And picture 3’s sculpture makes this tussle between figuration and fantasy even more complex. A man seems to fence using a strange sword? However, what can be done with the winding rod painted in red, which falls until it touches the ground? Place your bets, ladies and gentlemen. Whatever these may be, we shall never lose with this result. The sustenance of the unpredictability of the game is what is most important here.


III
      
The second group, that of smaller figures that are effectively sculpted or carved, goes along different paths. The figure that enters the door of what seems to be a house, is, in a certain sense, the metaphor of what the artist himself calls “closed wood”. In this situation, instead of identifying figures on a trunk, branch or root, Cícero needs to “open it”: remove it from senseless opacity through a carving operation which gives wood a meaning that extends well beyond it, as a thing in itself.



Imagem 4
Profundidade, 2009
Madeira
11 x 6 x 3 cm
Coleção Monica Stahel


Even these pieces, however, keep certain strangeness, the rejection of any pedestrian realism that assigns some relationship with the works of the first group. After all, what is the sense of what we are seeing? According to Cícero3, the person entering would be a visitor. This work even has a pair (which unfortunately I am not aware of), showing the same person leaving the house that he had visited. A work of art, however, must have its own meaning, even though we know that this meaning (fortunately) has several possible senses, which vary according to the times of year, contexts and also the public. It is there that the door which is ajar allows one to envisage several meanings, in a search for a hideaway to hide from the somewhat pathetic attempt to open space in a surface.

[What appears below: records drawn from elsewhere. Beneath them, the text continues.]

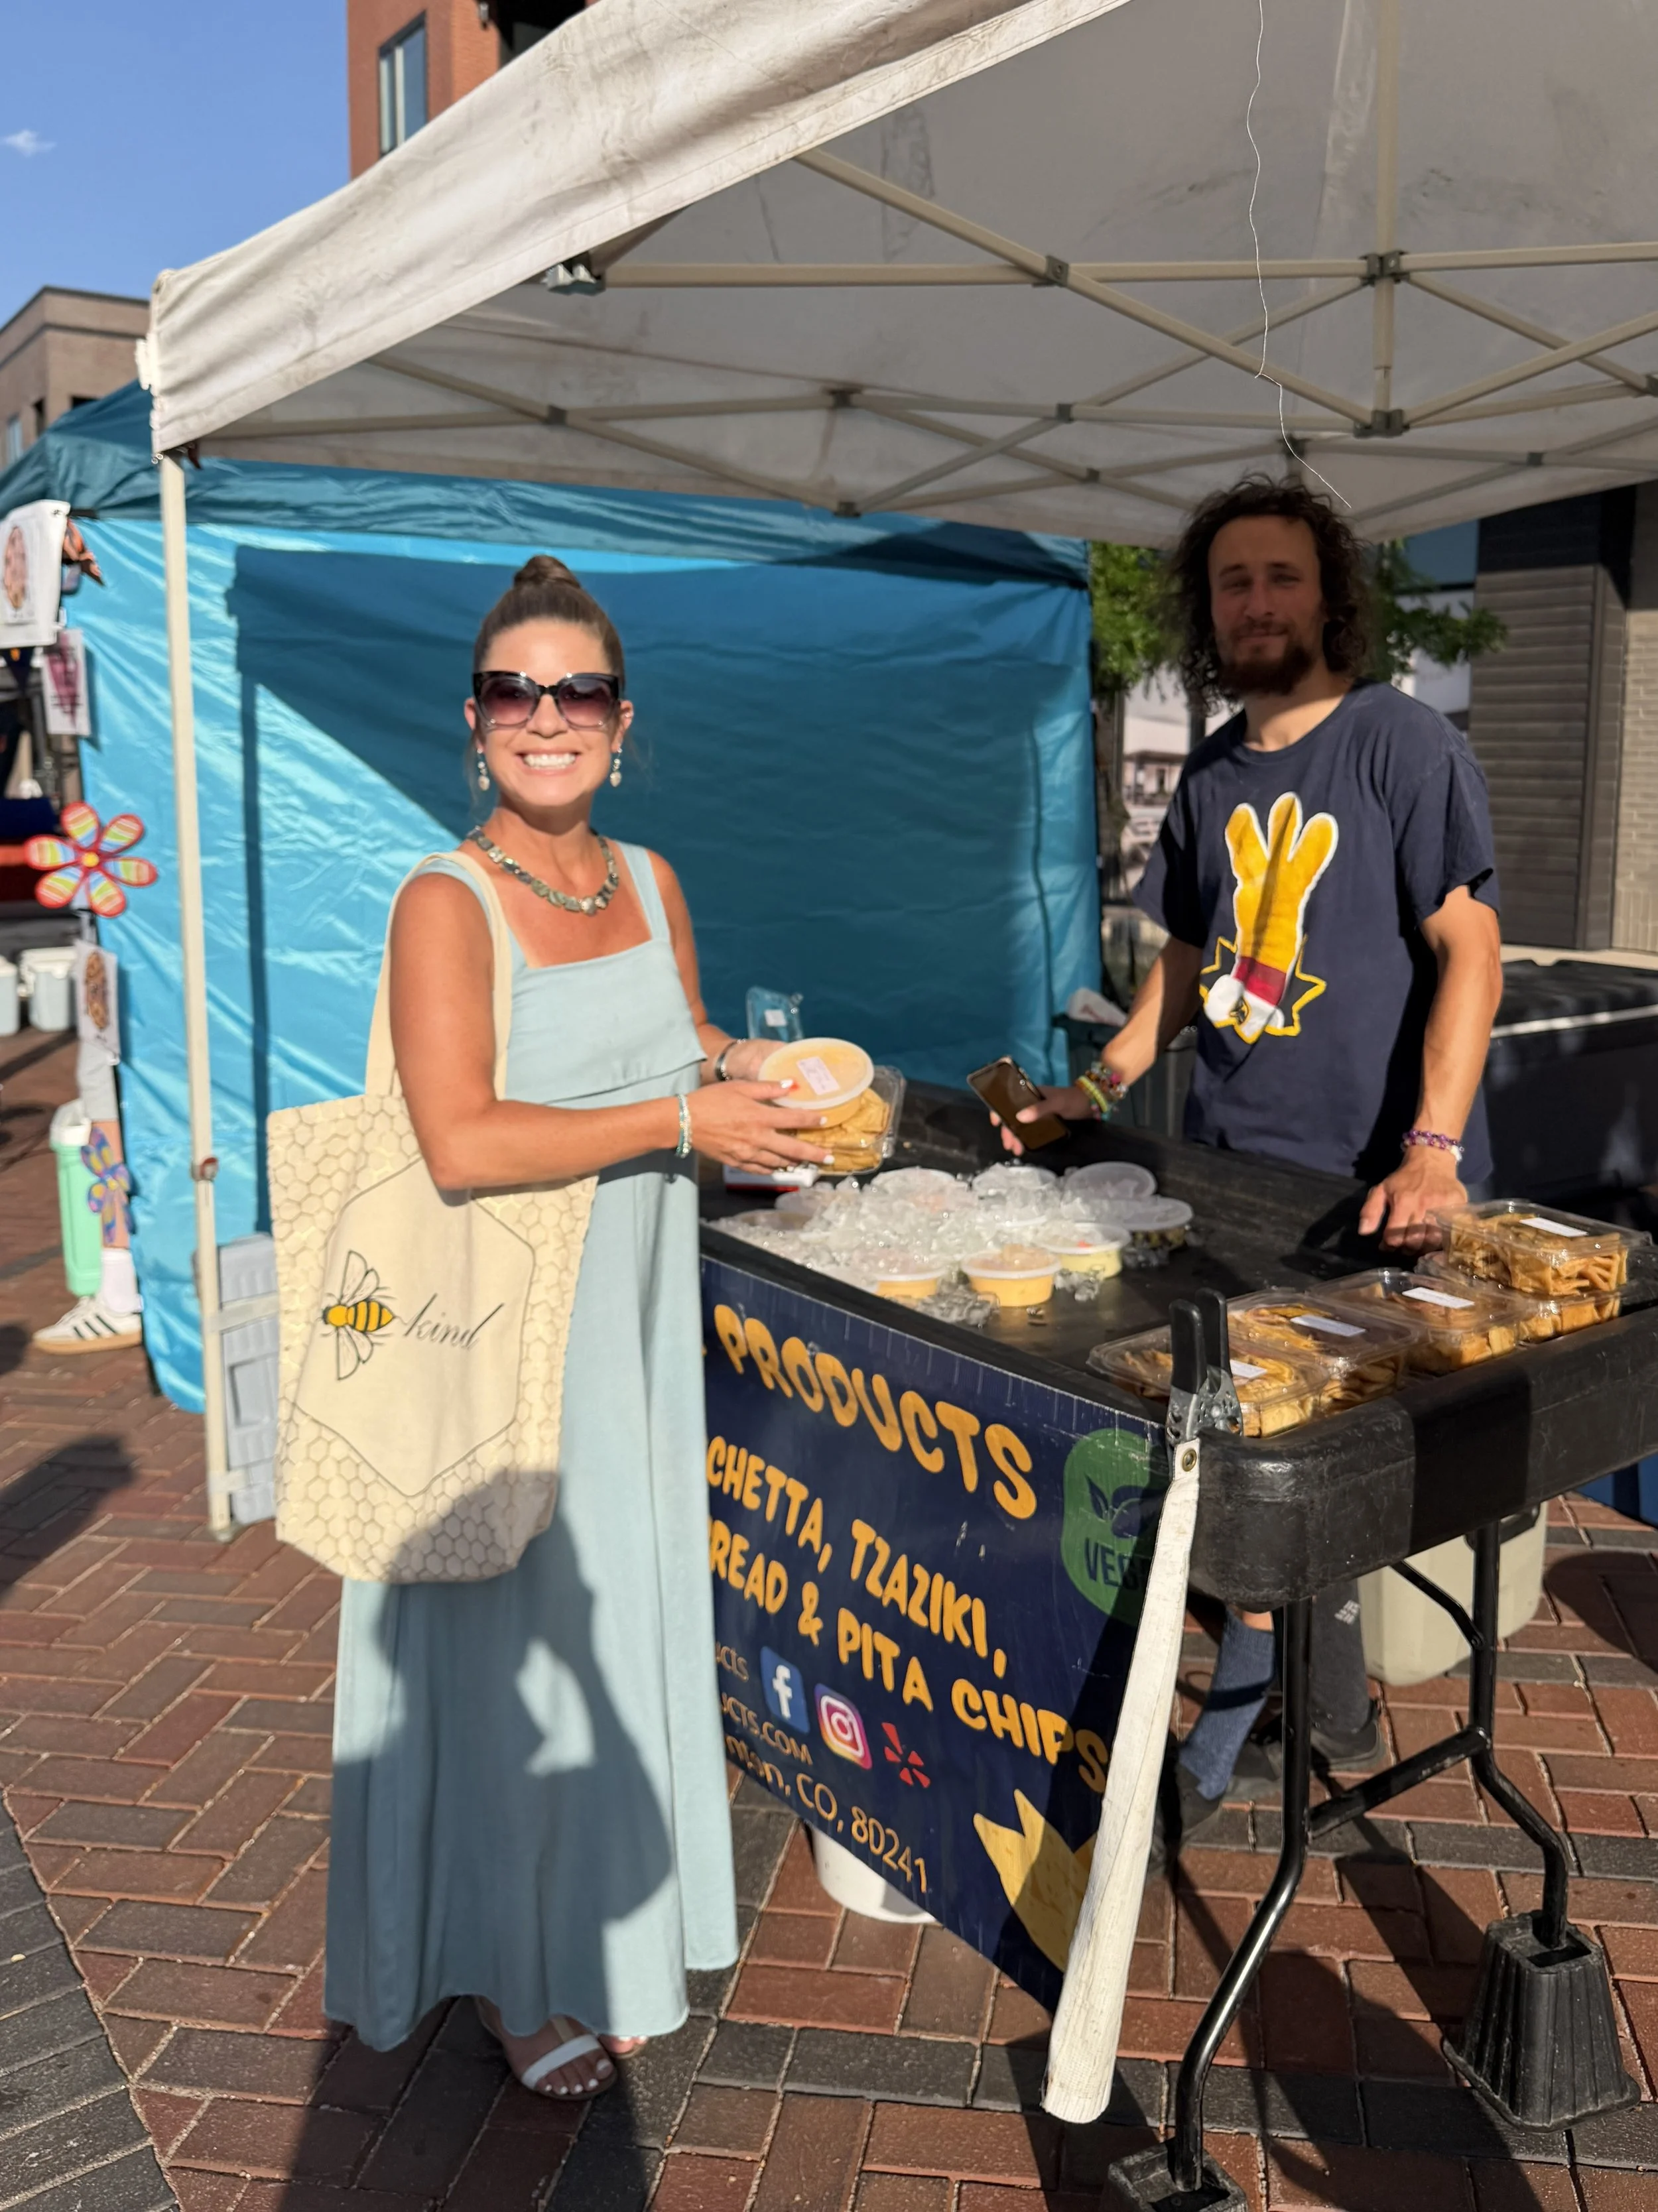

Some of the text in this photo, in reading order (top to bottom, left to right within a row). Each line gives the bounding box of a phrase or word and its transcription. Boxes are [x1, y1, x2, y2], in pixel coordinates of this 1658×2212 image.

[403, 1292, 505, 1351] kind
[714, 1304, 1037, 1520] PRODUCTS
[706, 1435, 1007, 1679] CHETTA, TZAZIKI,
[708, 1515, 1110, 1794] READ & PITA CHIPS
[797, 1773, 844, 1833] CO,
[852, 1806, 927, 1894] 80241

Similarly, but in an even stranger way, the figure that slides down the mountain may have several meanings too. For Cícero, this would be a consequence of the actions suggested by the item where several people try to climb a mountain, and only one was successful. This means that, for the artist, the two works address an attempt to go up in life and also its possible consequences.


However, there is one bewilderment that surpasses all other enigmatic aspects of the work, even more so as they are a condition thereof: these Lilliputian beings are only so in relation to our Gulliverian size. After all, there is no scale without resorting to comparison. Facing the carved works by Cícero, we become disorientated giants, observing the efforts of these small creatures. Metaphorically, we are the lords of their destiny. We made them, and so we can destroy them too.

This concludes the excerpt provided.